En conocimiento de las más altas autoridades del país de esta información y con la advertencia de que estas operaciones "podrían comprometer la credibilidad comercial de Chile", la empresa Ramaja –que motivó el informe de inteligencia de la ANI–, a través de Distribuidora Llacolén S.A., se convirtió, ocho meses después, en el contexto de la pandemia, en la principal empresa proveedora de cajas de alimentos del Gobierno, con órdenes de compra superiores a los $8 mil millones.
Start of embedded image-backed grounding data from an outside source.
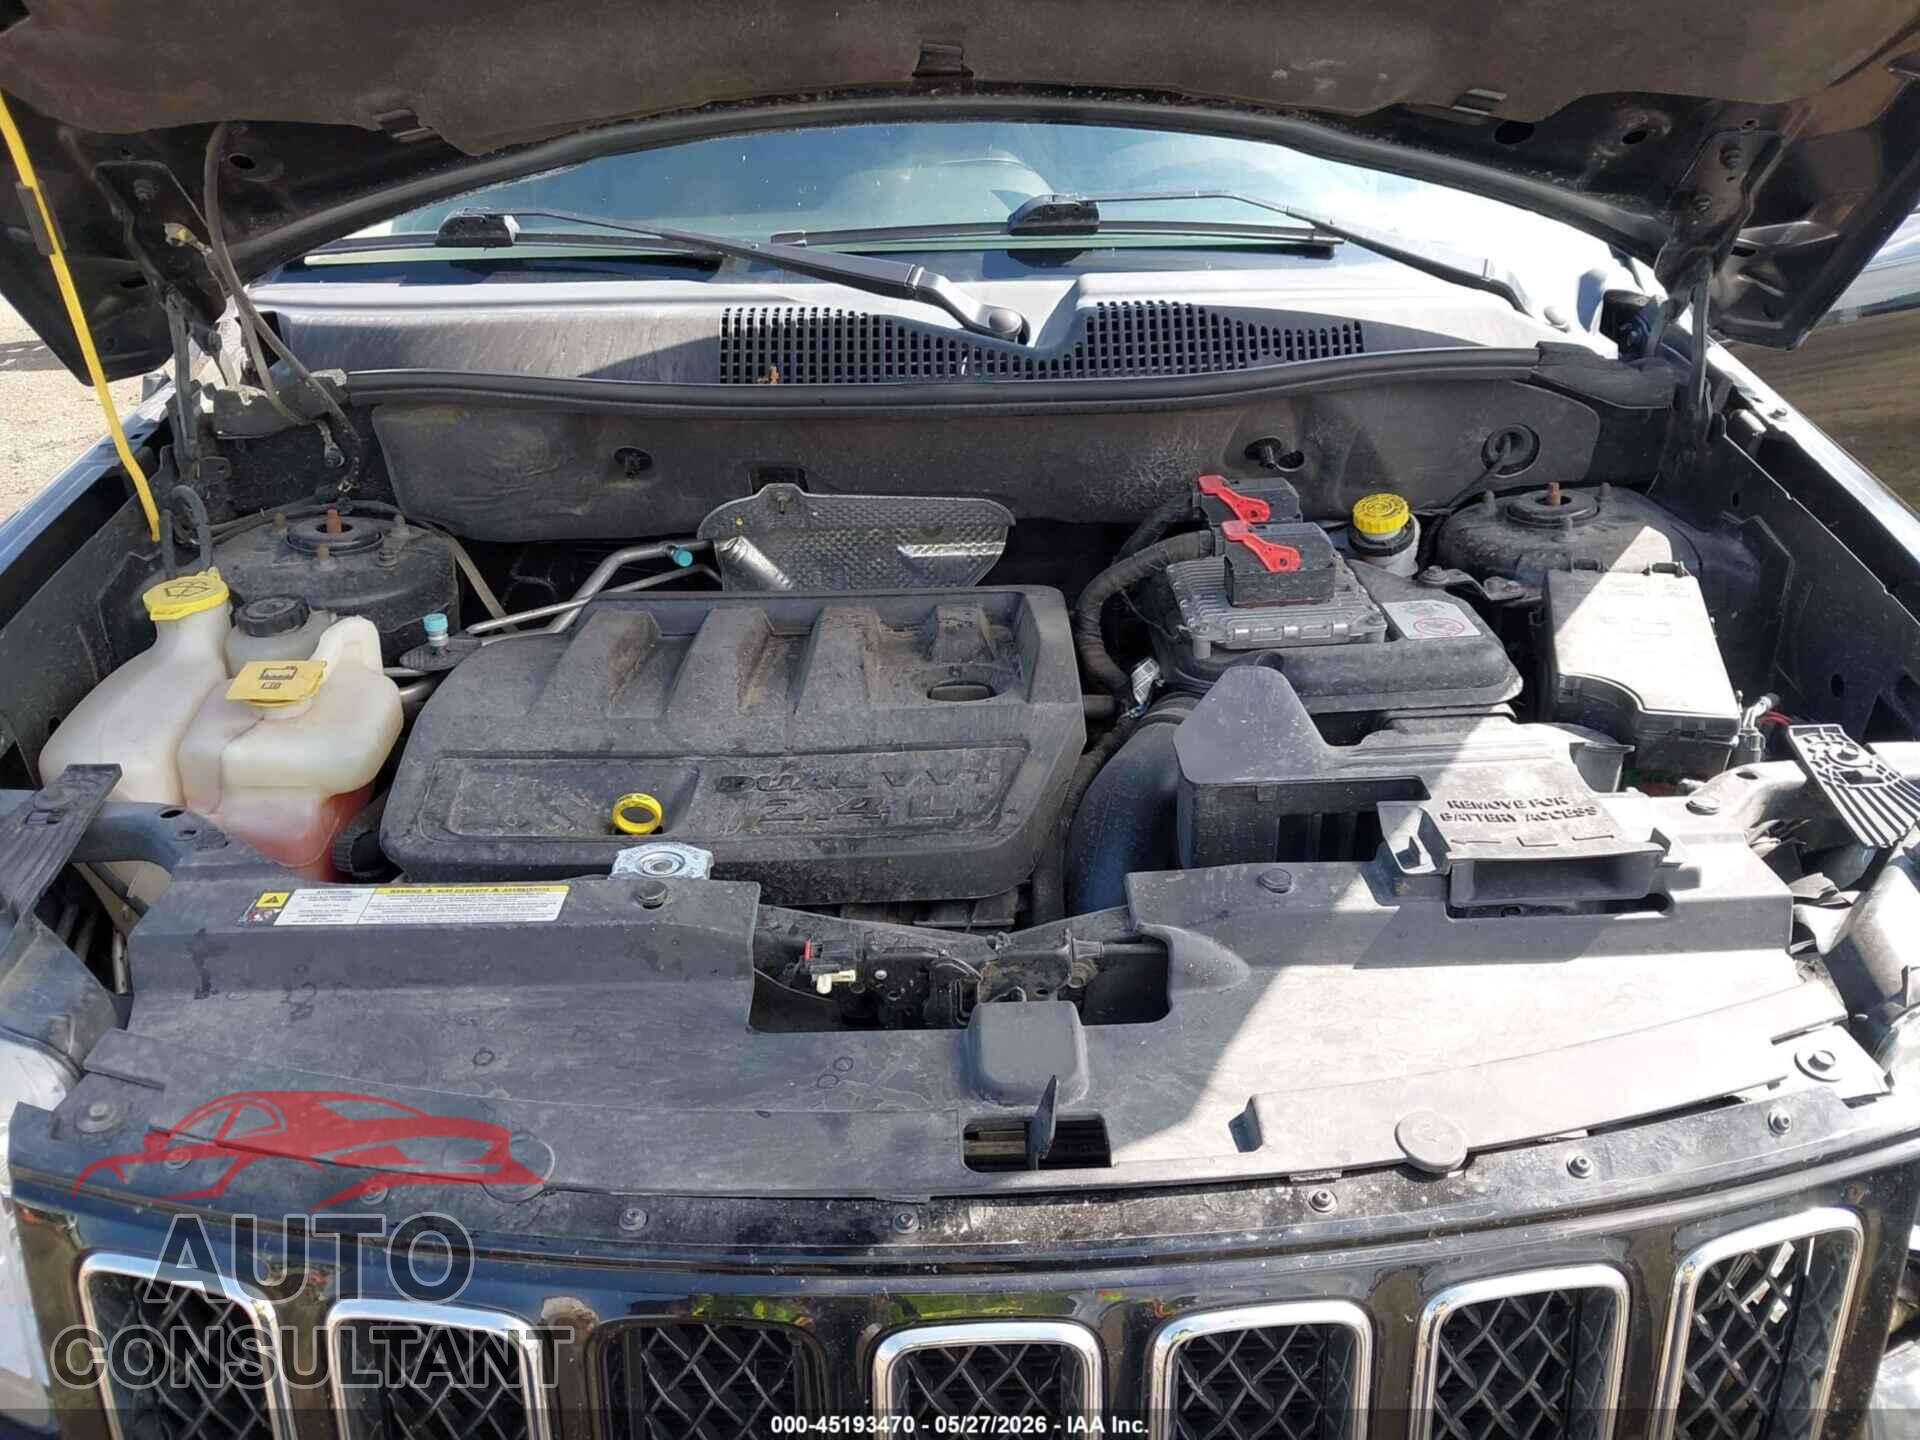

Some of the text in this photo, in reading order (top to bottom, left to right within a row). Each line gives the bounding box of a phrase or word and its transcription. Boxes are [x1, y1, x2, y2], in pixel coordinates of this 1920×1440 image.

[1447, 796, 1569, 810] REMOVE FOR
[1439, 806, 1598, 823] BATTERY ACCESS
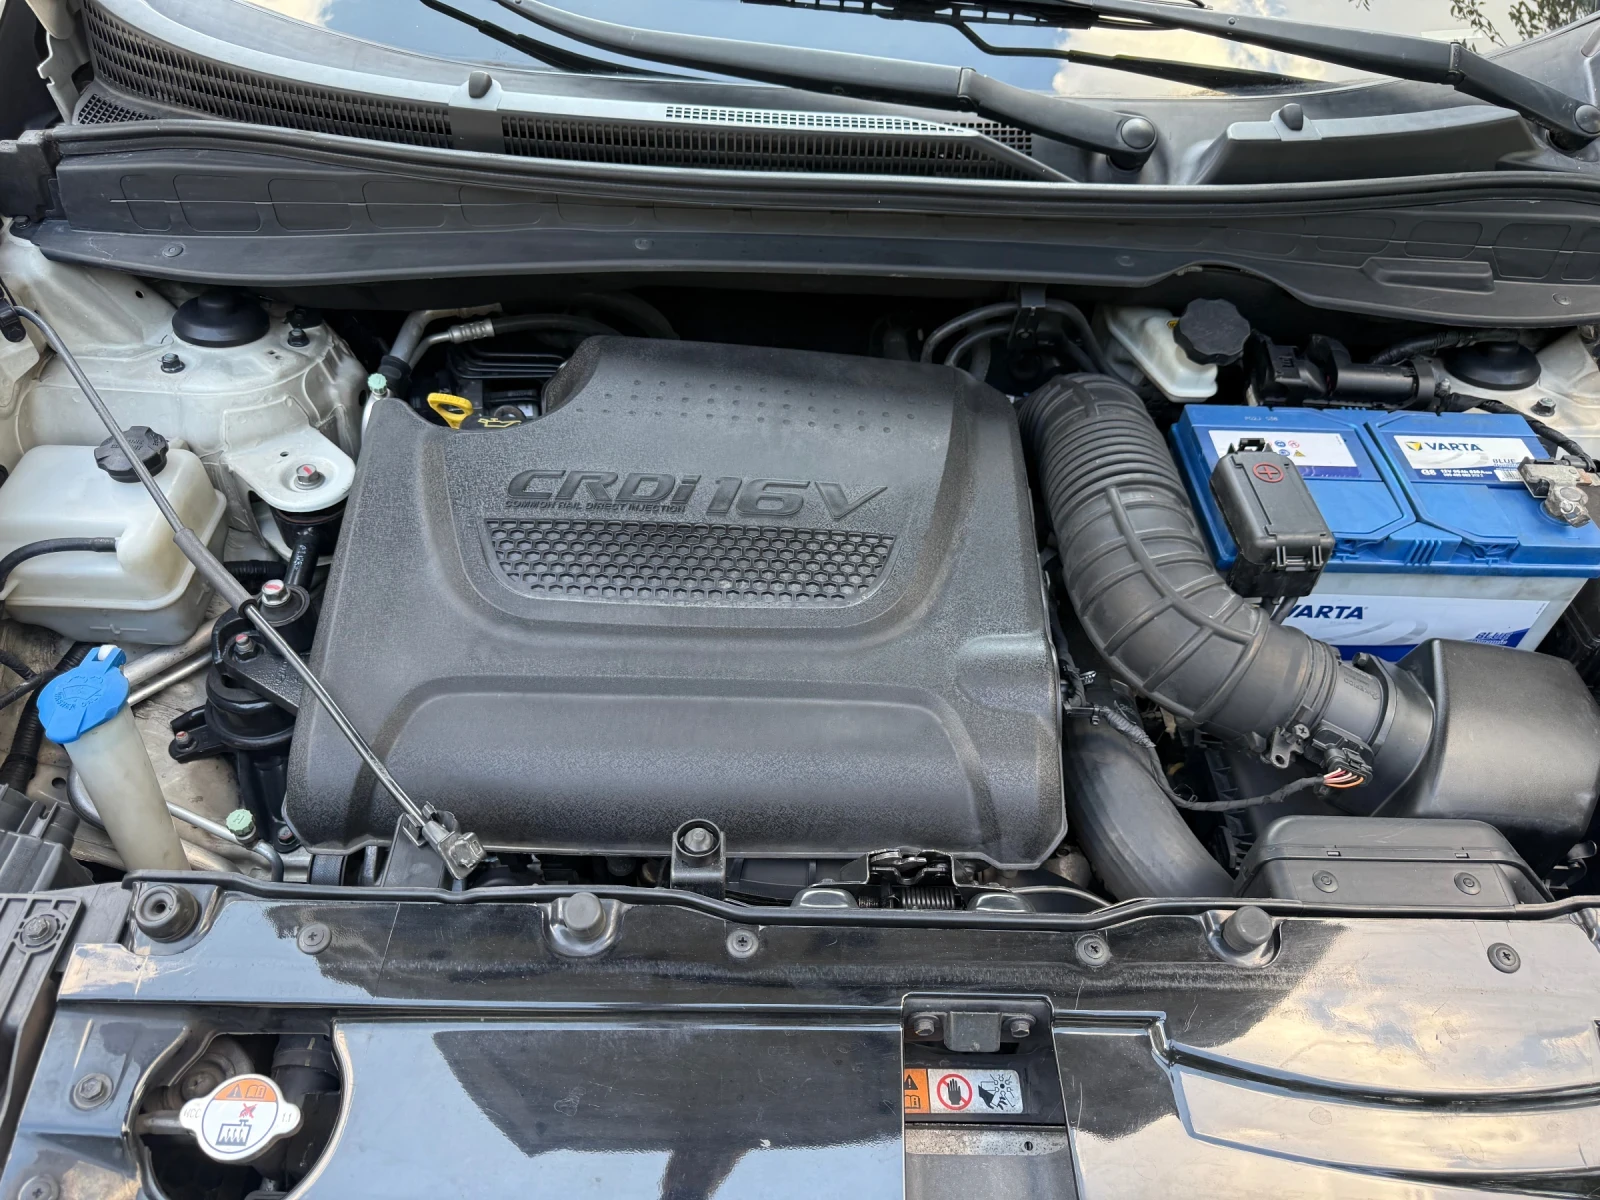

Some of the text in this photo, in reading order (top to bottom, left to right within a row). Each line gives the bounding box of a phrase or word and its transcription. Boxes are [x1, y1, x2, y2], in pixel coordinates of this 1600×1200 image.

[1425, 442, 1483, 451] VARTA
[507, 469, 701, 505] CRDi
[505, 500, 686, 514] COMMON RAIL DIRECT INJECTION
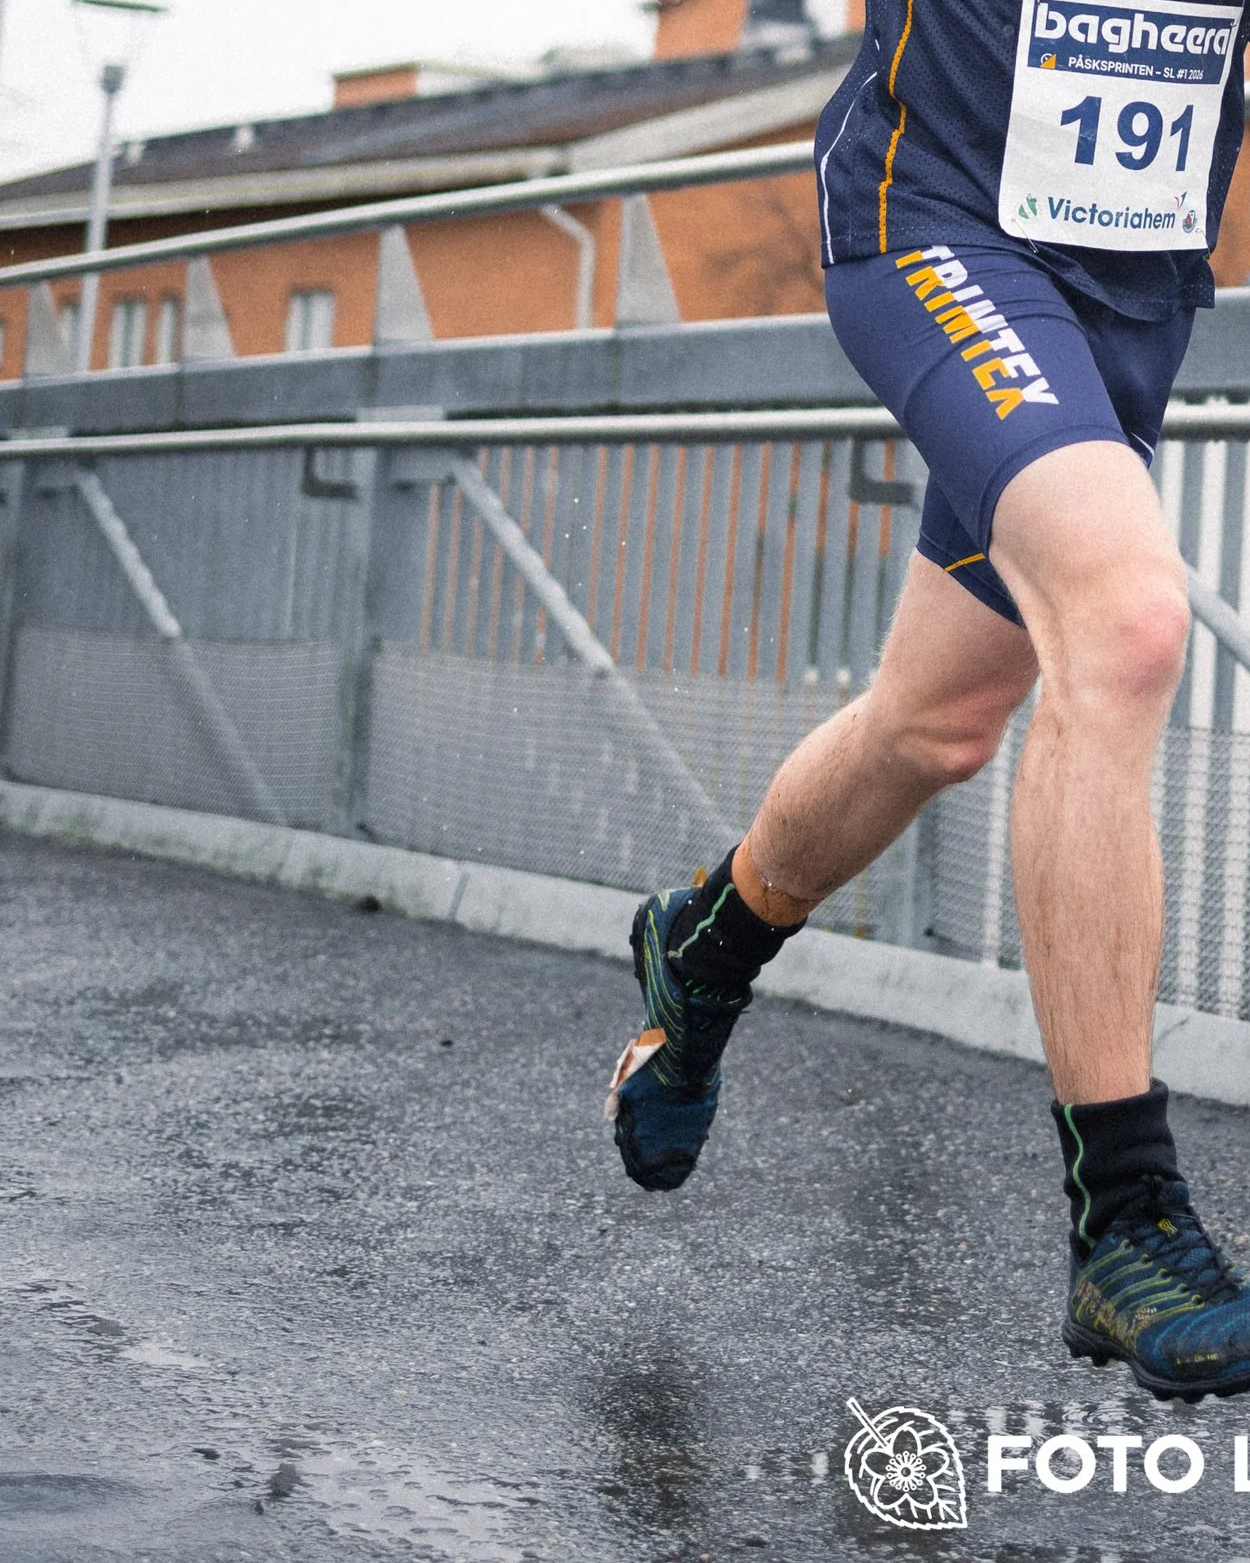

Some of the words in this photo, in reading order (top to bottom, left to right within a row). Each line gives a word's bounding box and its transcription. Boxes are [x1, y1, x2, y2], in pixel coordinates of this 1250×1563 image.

[1034, 2, 1231, 56] bagheera
[1068, 54, 1154, 76] PÅSKSPRINTEN
[1163, 67, 1176, 78] SL
[1060, 95, 1194, 172] 191
[1047, 196, 1176, 229] Victoriahem
[895, 244, 1060, 420] TRIMTEX
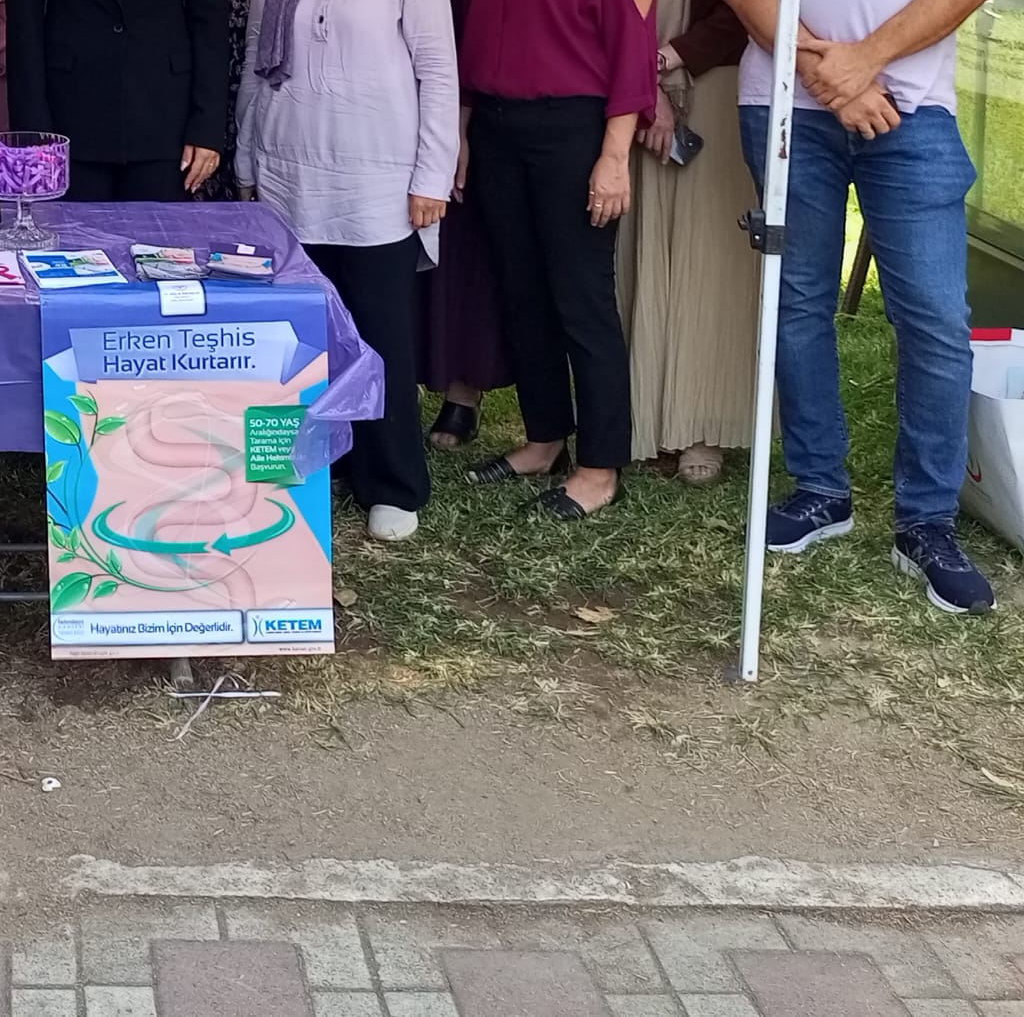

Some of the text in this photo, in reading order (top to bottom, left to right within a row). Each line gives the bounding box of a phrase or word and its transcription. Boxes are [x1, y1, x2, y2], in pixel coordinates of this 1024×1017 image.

El principal involucrado señaló recientemente a un medio de comunicación nacional que las cajas que enviaron a Venezuela, y que le reportaron entre 800 mil y un millón de euros mensuales, eran "esporádicas", que el lavado de dinero era invento de la prensa y que el destino no era el gobierno venezolano.

Según consigna El Mostrador, tras tener acceso a las Facturas, se revelan que el real destino era la Corporación Única de Servicios Productivos y Alimentarios (CUSPAL), órgano rector del Estado venezolano, encargado de las "políticas del Gobierno Bolivariano en materia de seguridad y soberanía alimentaria".